Brief
Copy the records below exactly, leaving out any pictures.

======== Input data ========

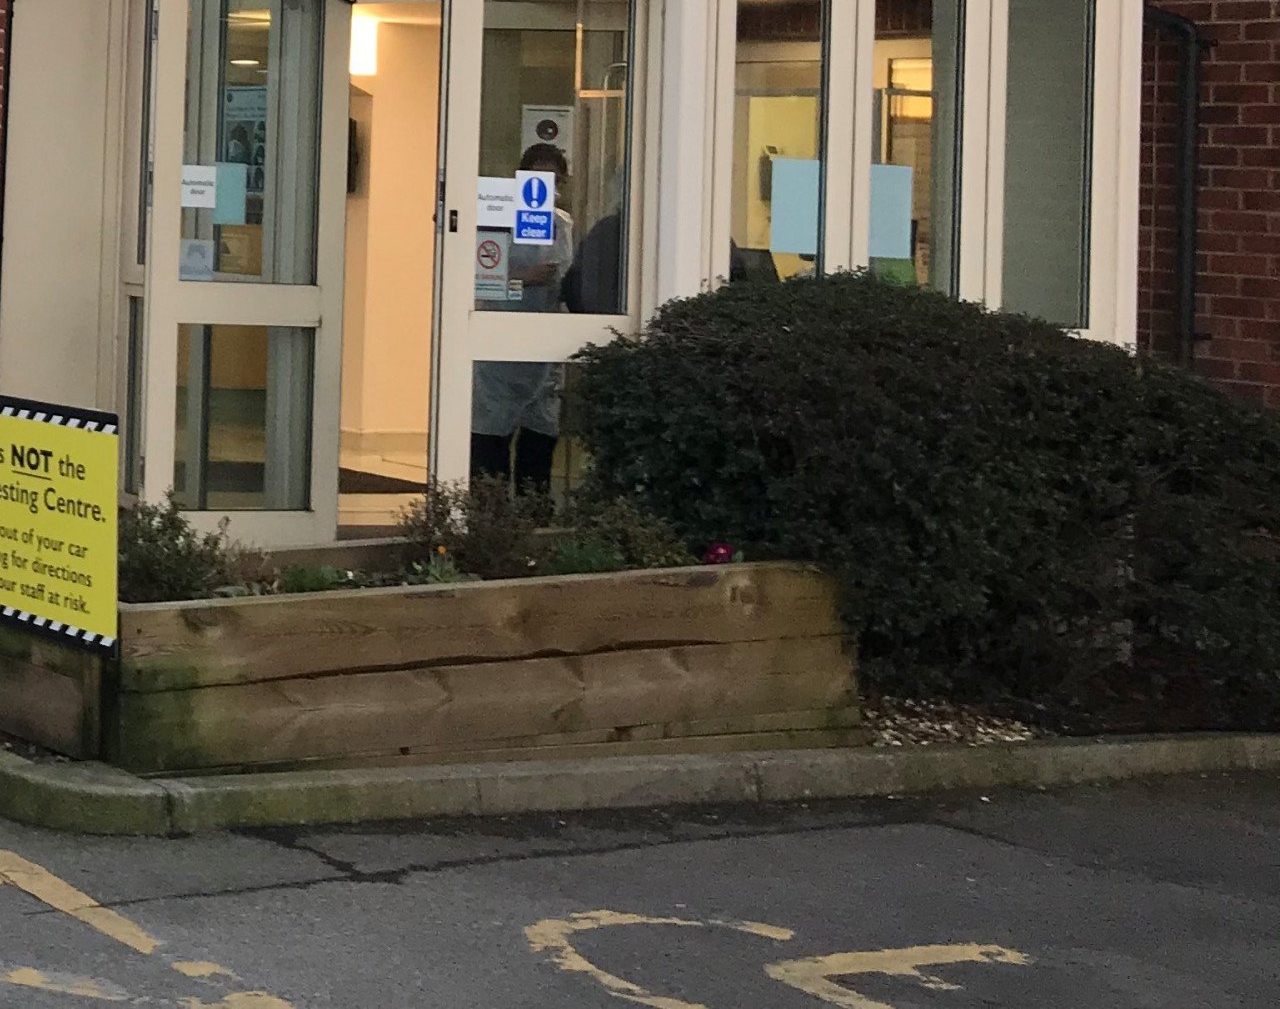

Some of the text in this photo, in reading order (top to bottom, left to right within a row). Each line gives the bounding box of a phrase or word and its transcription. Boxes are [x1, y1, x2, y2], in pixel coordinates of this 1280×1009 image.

[520, 226, 547, 239] clear
[521, 212, 548, 226] Keep
[10, 443, 53, 474] NOT
[58, 454, 87, 481] the
[43, 487, 107, 524] Centre.
[21, 527, 35, 545] of
[36, 534, 65, 553] your
[67, 542, 89, 559] car
[11, 549, 29, 570] for
[31, 556, 93, 588] directions
[19, 582, 46, 602] staff
[47, 590, 61, 608] at
[63, 593, 92, 615] risk.

========

Problem solution
Some of the text in this photo, in reading order (top to bottom, left to right within a row). Each line gives the bounding box of a phrase or word and its transcription. Boxes are [x1, y1, x2, y2], in pixel coordinates of this 1280×1009 image.

[520, 226, 547, 239] clear
[521, 212, 548, 226] Keep
[10, 443, 53, 474] NOT
[58, 454, 87, 481] the
[43, 487, 107, 524] Centre.
[21, 527, 35, 545] of
[36, 534, 65, 553] your
[67, 542, 89, 559] car
[11, 549, 29, 570] for
[31, 556, 93, 588] directions
[19, 582, 46, 602] staff
[47, 590, 61, 608] at
[63, 593, 92, 615] risk.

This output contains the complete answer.